The Awful Daring of A Moment's Surrender
Mixed media on canvas, 48" x 24"
Acrylic, marble and clay dust, paste, various glazes.
Another one based on
The Waste Land by T.S. Eliot, lines 401 to 409 from section V,
What The Thunder Said:
Datta: what have we given?
My friend, blood shaking my heart
The awful daring of a moment's surrender
Which an age of prudence can never retract
By this, and this only, we have existed
Which is not to be found in our obituaries
Or in memories draped by the beneficent spider
Or under seals broken by the lean solicitor
In our empty roomsThe "Datta" allusion is to the
Upanishads, where three groups each interpret God's utterance differently and take away three different meanings of life: generosity, self-control, and compassion. Datta is the first interpretation - generosity, or giving charitably.

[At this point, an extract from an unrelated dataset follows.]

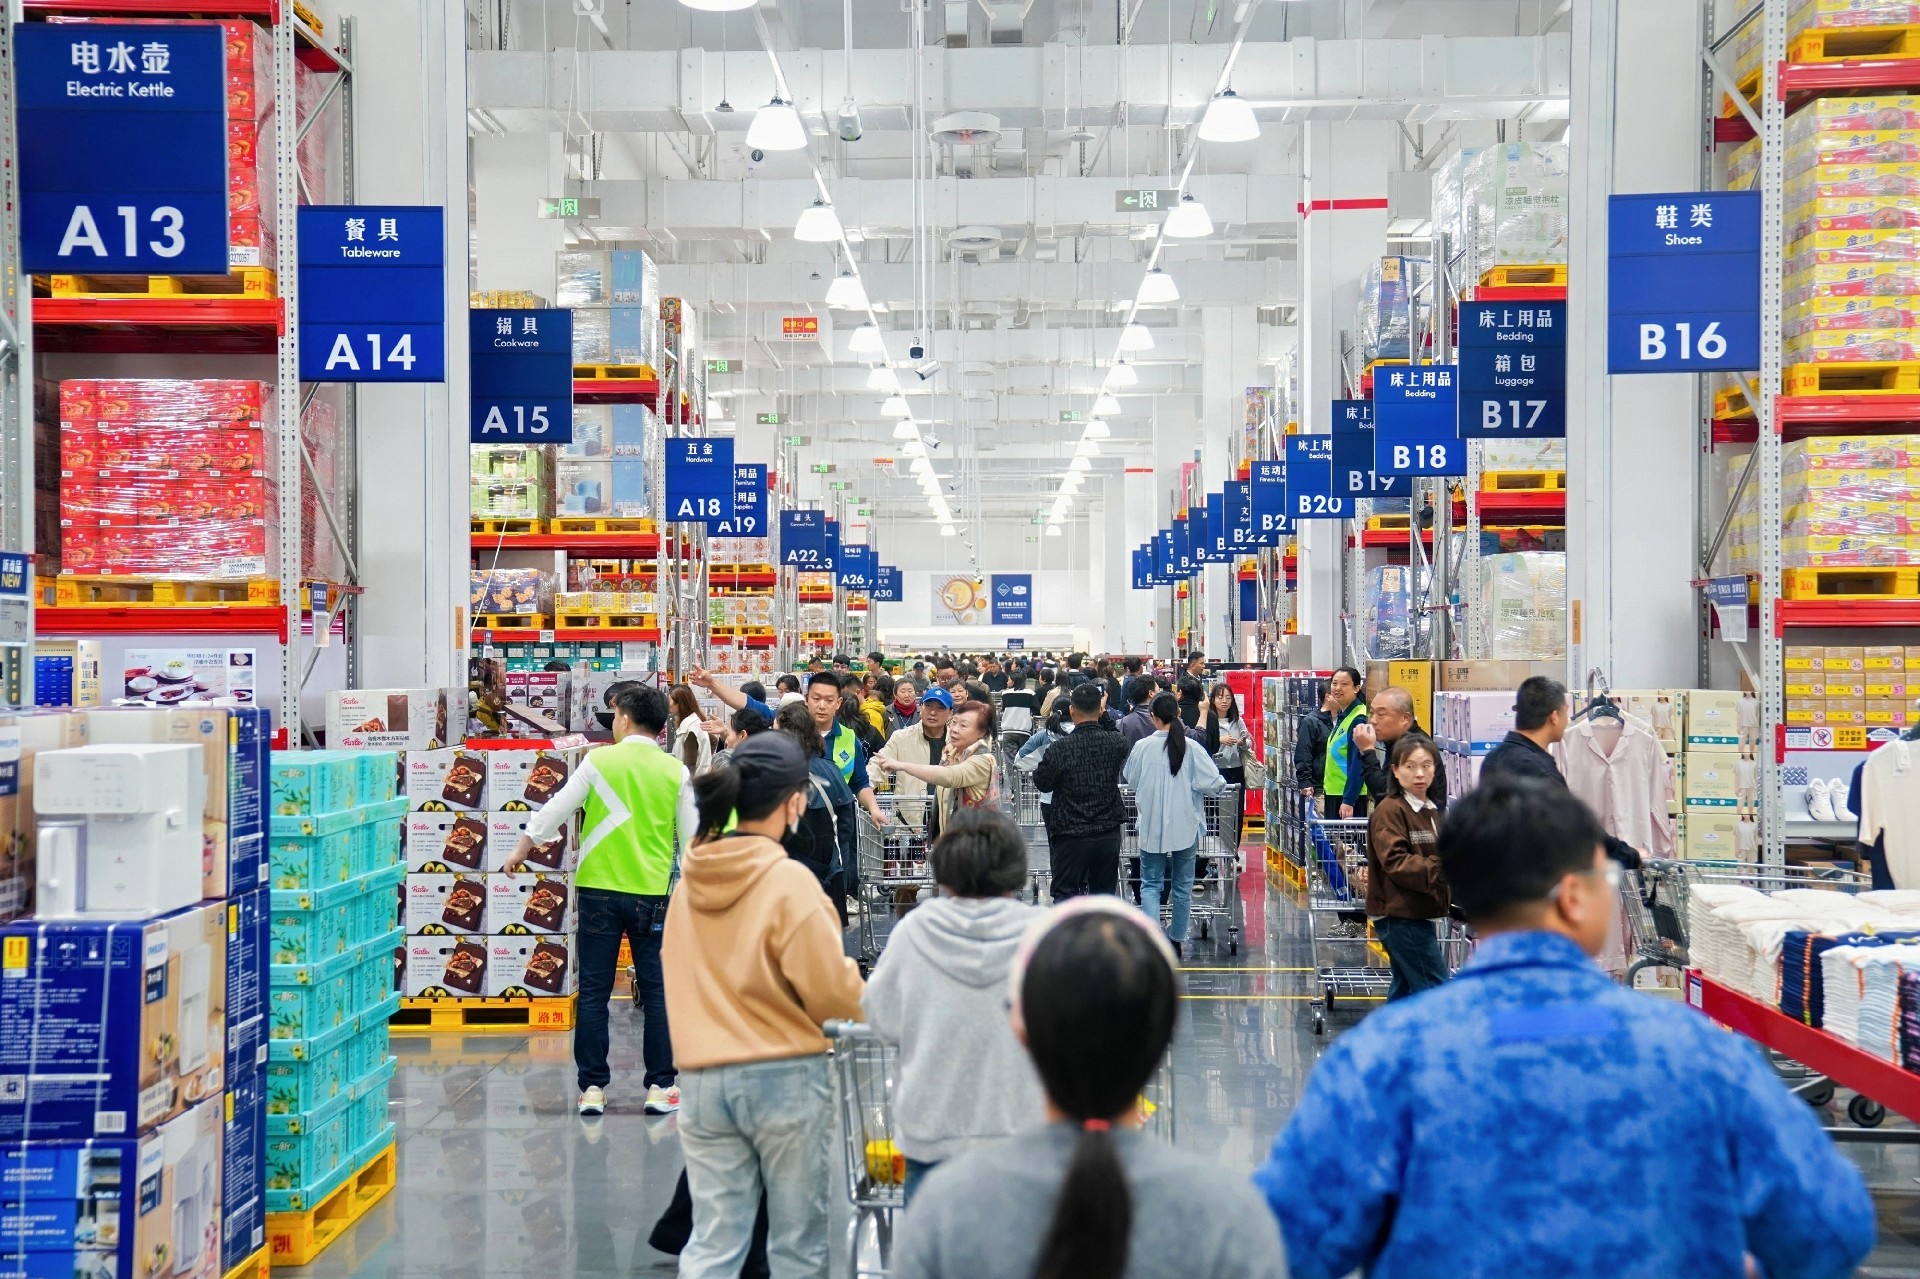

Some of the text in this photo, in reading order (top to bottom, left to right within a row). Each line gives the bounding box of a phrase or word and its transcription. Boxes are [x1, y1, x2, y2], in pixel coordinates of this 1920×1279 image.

I don't really get a sense of charity from the lines above. They have more to do with self-control than charity, I suspect. To me, the "awful daring" means making a momentary decision - even passively - that may change the trajectory of one's life. In a way, it's about taking risks and the sort of actions that result as a consequence.
The risks we take are ultimately what define us though not necessarily in a bad way. A big leitmotif theme in Eliot's work is regret from a life of inaction and dwelling on what one
didn't do. What we leave behind should be memories of our best actions, not a dry catalogue of dates summed up by our obituaries, epitaphs, and wills.
Anyway, enough philosophy: so to my mind, an illustrative painting following this theme needed lots of texture, swirling red, maybe some suggested fossils or wings.
generosity is the reason for existence. "what have we given?" is very key in this poem.
thank you for giving me this image to view. i love the colors, glazes, and textures: i love the dark red, glazed blue, golden tones, vibrant reds, interesting oranges and browns...
i love it!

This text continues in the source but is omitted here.